Two ClickHouse aggregates per column give you the dominant value and the distinct count for free. topK(1)(qtype)[1] returns the most-frequent qtype (the [1] indexes the 1-element Array topK returns). uniqExact(qtype) counts distinct values. Render as "A (+2)" to mean "A is most common, two other qtypes also seen." Cost: one extra aggregate per column. Benefit: bounds the row width on high-cardinality fields like reply_ip while preserving the "is there variation here" signal.
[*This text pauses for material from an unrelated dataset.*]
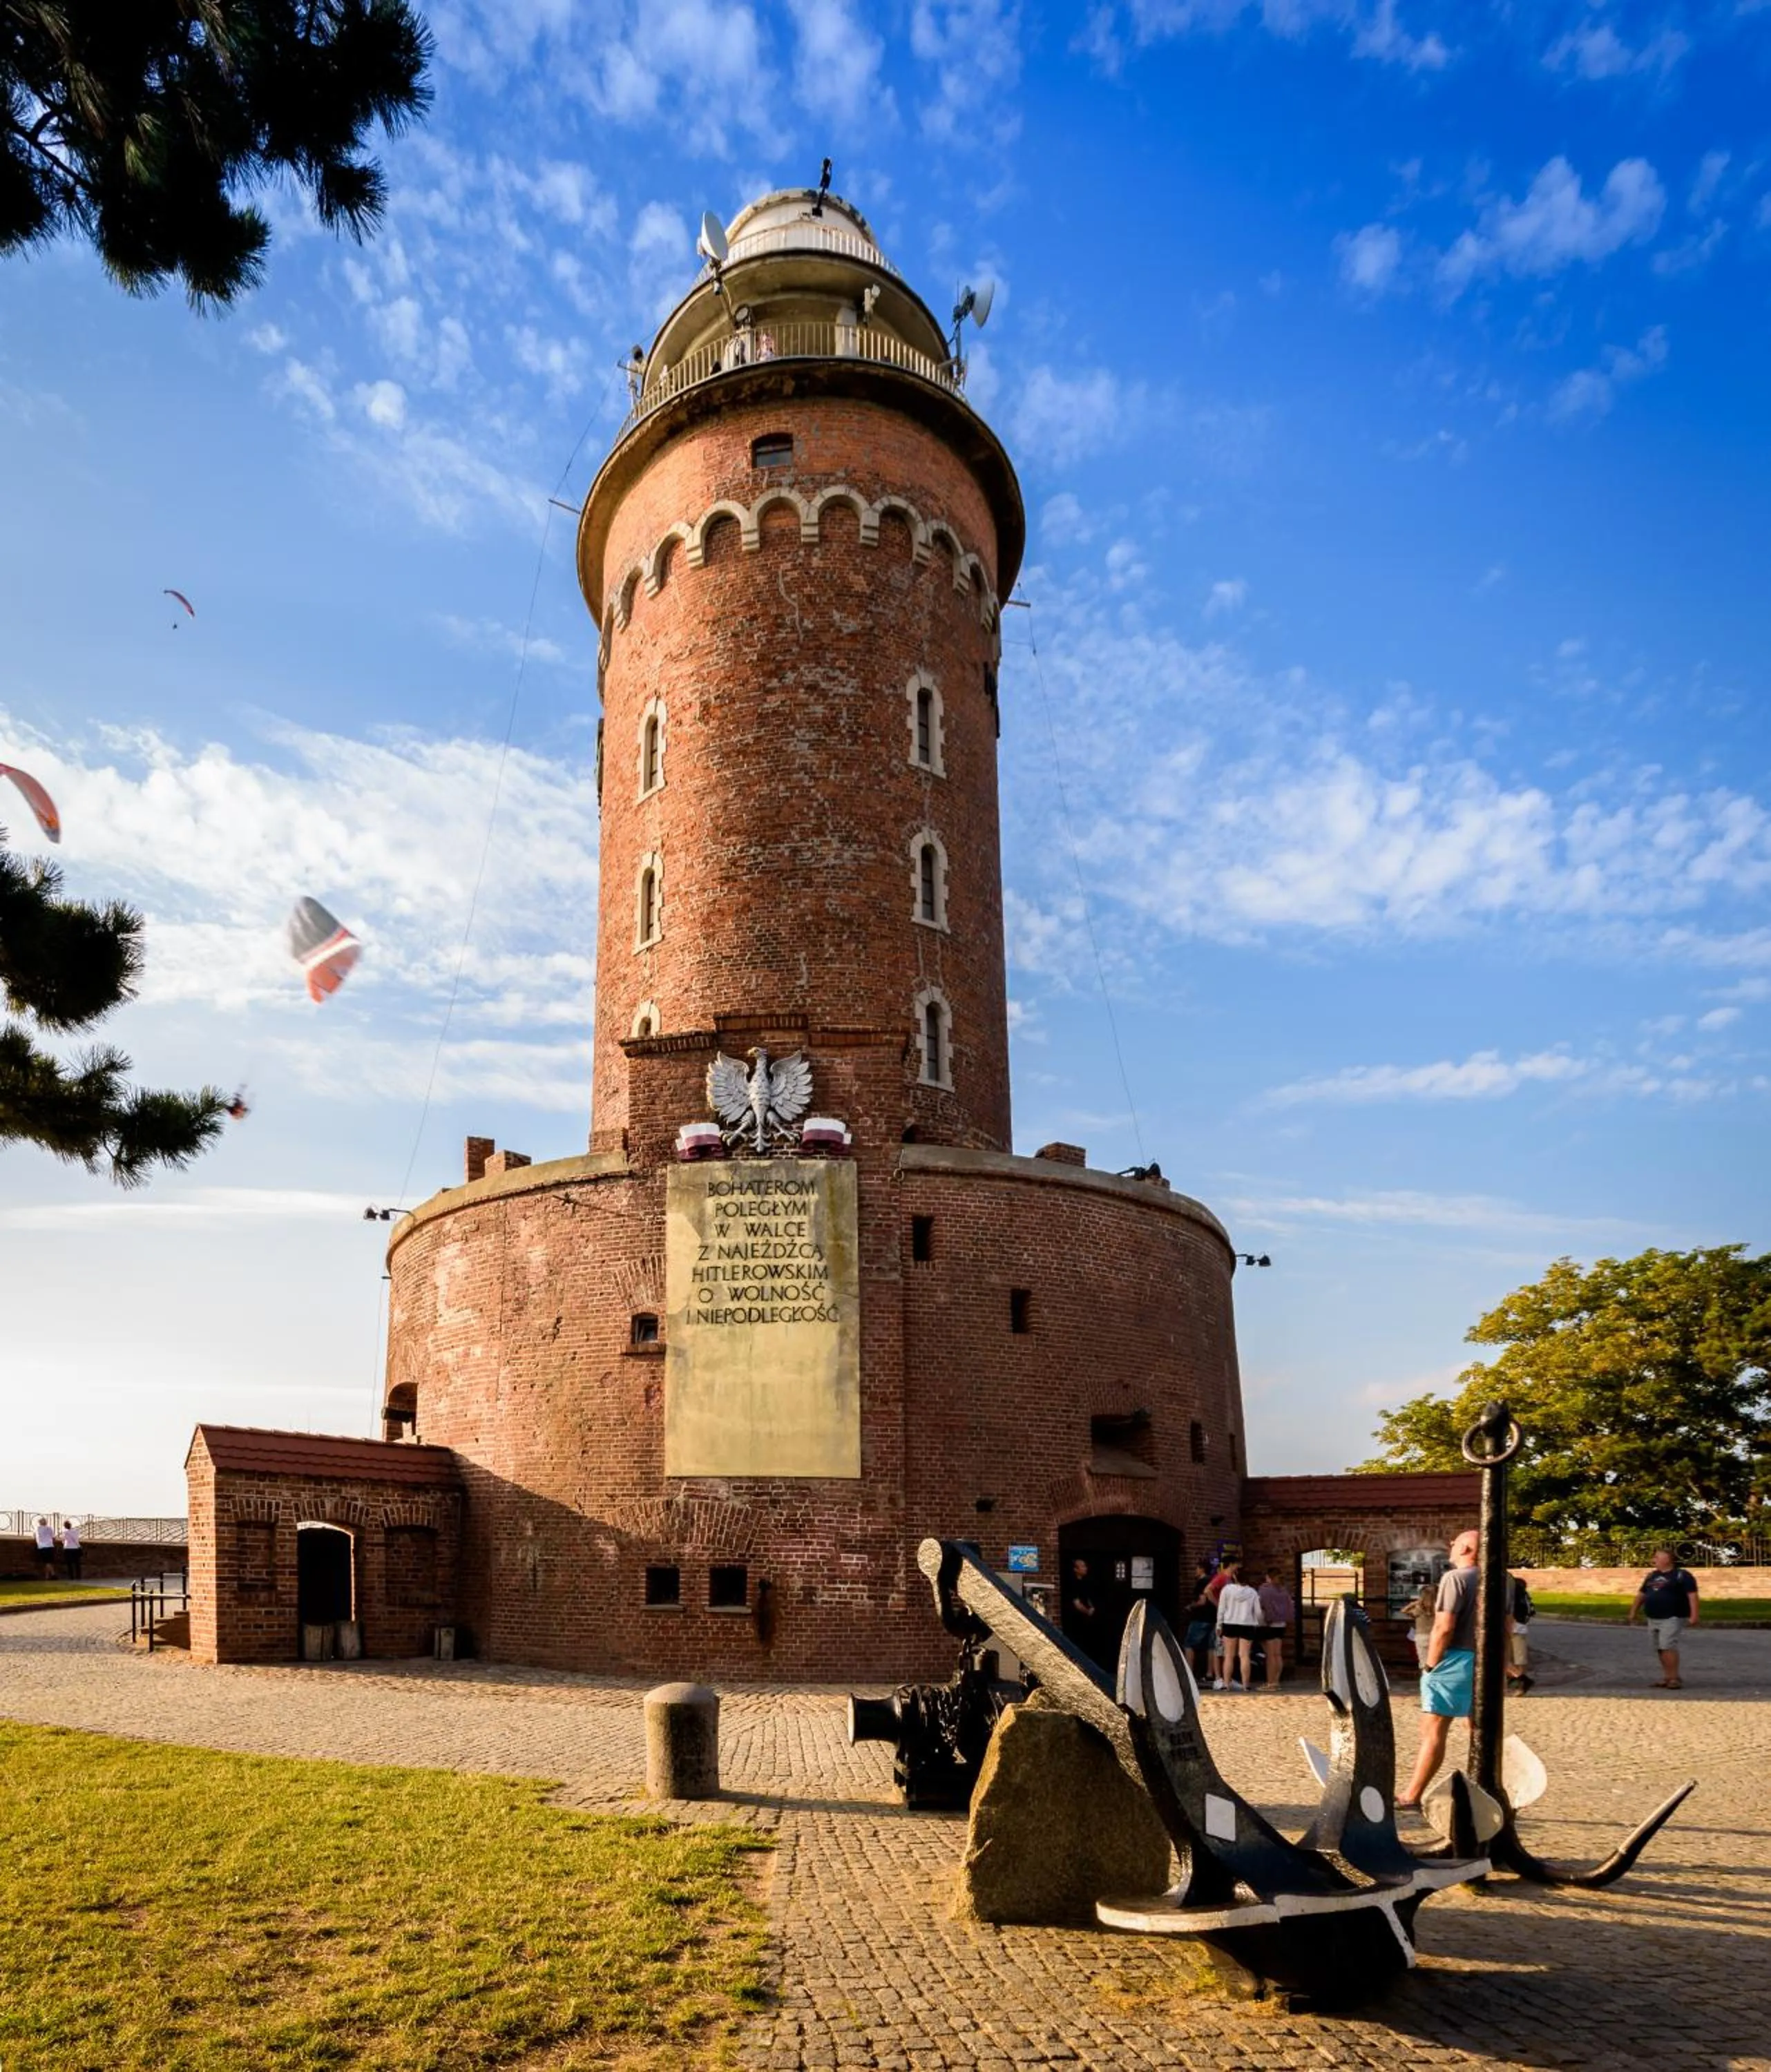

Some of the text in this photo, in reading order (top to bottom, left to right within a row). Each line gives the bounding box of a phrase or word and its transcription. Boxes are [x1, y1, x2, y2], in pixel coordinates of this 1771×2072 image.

The sparkline is a separate query joined client-side on (etld1, client_mac). I considered folding it into the aggregate with groupArray((bucket, hits)) and rejected it: the payload growth would be unbounded on a wide window, and a second indexed scan against the same predicate is fast in ClickHouse anyway.

sql

SELECT
    etld1,
    client_mac,
    toUnixTimestamp(toStartOfInterval(ts, INTERVAL {bucket_seconds:UInt32} SECOND)) AS t,
    count() AS n
FROM client_dns_query
WHERE ts >= now() - INTERVAL {window_hours:UInt32} HOUR
  AND {predicate}
  AND (etld1, client_mac) IN {pairs:Array(Tuple(String, String))}
GROUP BY etld1, client_mac, t
ORDER BY etld1, client_mac, t

The (etld1, client_mac) IN {pairs} clause restricts the second scan to only the rows whose pair appeared in the first query's output. Same predicate, same window, scoped to ~200 pairs. The invariant I tested for is the one a SIEM operator should never have to second-guess: the sparkline buckets for a row sum to exactly the row's total. If they didn't, a row's "455 queries" claim and its sparkline would tell different stories. The integration test pins the invariant by inserting a fixed fixture, computing both, and asserting equality on every row.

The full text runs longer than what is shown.